To conclude: the impulses of solidarity, justice and internationalism are early signs of the emergence of the new society that, for a second century now, in tortured fashion and through contradictions, blood and sweat, has been in the process of being born. One hundred and fifty years ago Marx and Engels termed it the “realm of freedom”—communism. That is its rightful name, and it has the appropriate content: solidarity, justice, and internationalism.

And also freedom. The freedom to come to know the laws of historical development, and to change the world in accordance with them. It is time to change the world. Tomorrow may be too late. If today we do not move resolutely to the left, then descending on us tomorrow will be the brown plague of fascism, more terrible than any coronavirus pandemic.

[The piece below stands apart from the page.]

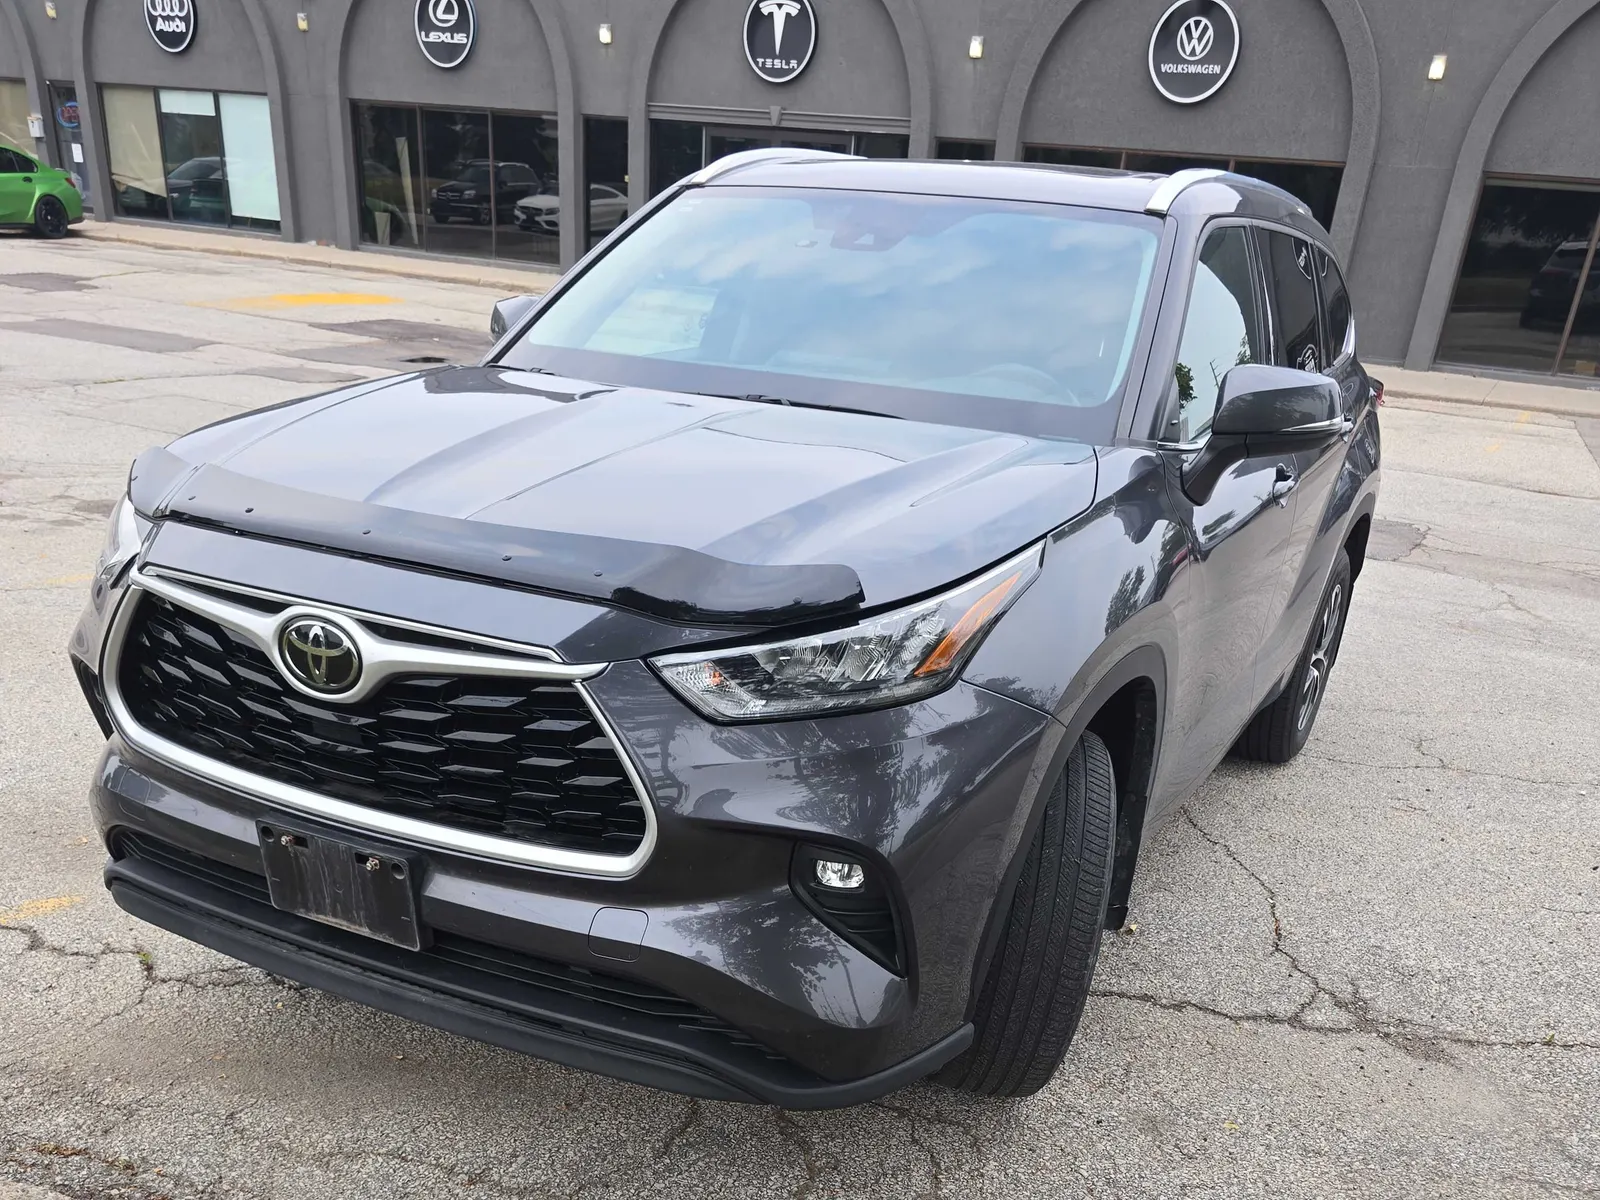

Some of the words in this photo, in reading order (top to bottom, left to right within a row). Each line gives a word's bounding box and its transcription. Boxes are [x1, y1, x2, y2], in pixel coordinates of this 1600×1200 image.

The alternatives are again on the agenda: “either communism, or barbarism”.

P.S.: This article has its origins in thoughts that occurred to me over two or three days recently in the course of dialogue with my comrades of the Alternatives movement, Lyudmila Bulavka, Andrey Kolganov, Natalya Yakovleva, and others. I turned these thoughts into the present text literally in the space of an evening. And literally the same evening, after I had written this text, I encountered two articles on almost exactly the same topic—by the well-known Slovenian intellectual Slavoj Žižek and the young Ukrainian activist Yurii Latysh. Then, on 28 March, Sergey Kurginyan, appearing on Russian Public Television on the program “Right to Know”, spoke of the need for a rebirth of the Soviet man and woman as the only way to solve the problems now being piled upon us.

That was a good sign.

The spectre of communism is haunting the world once again!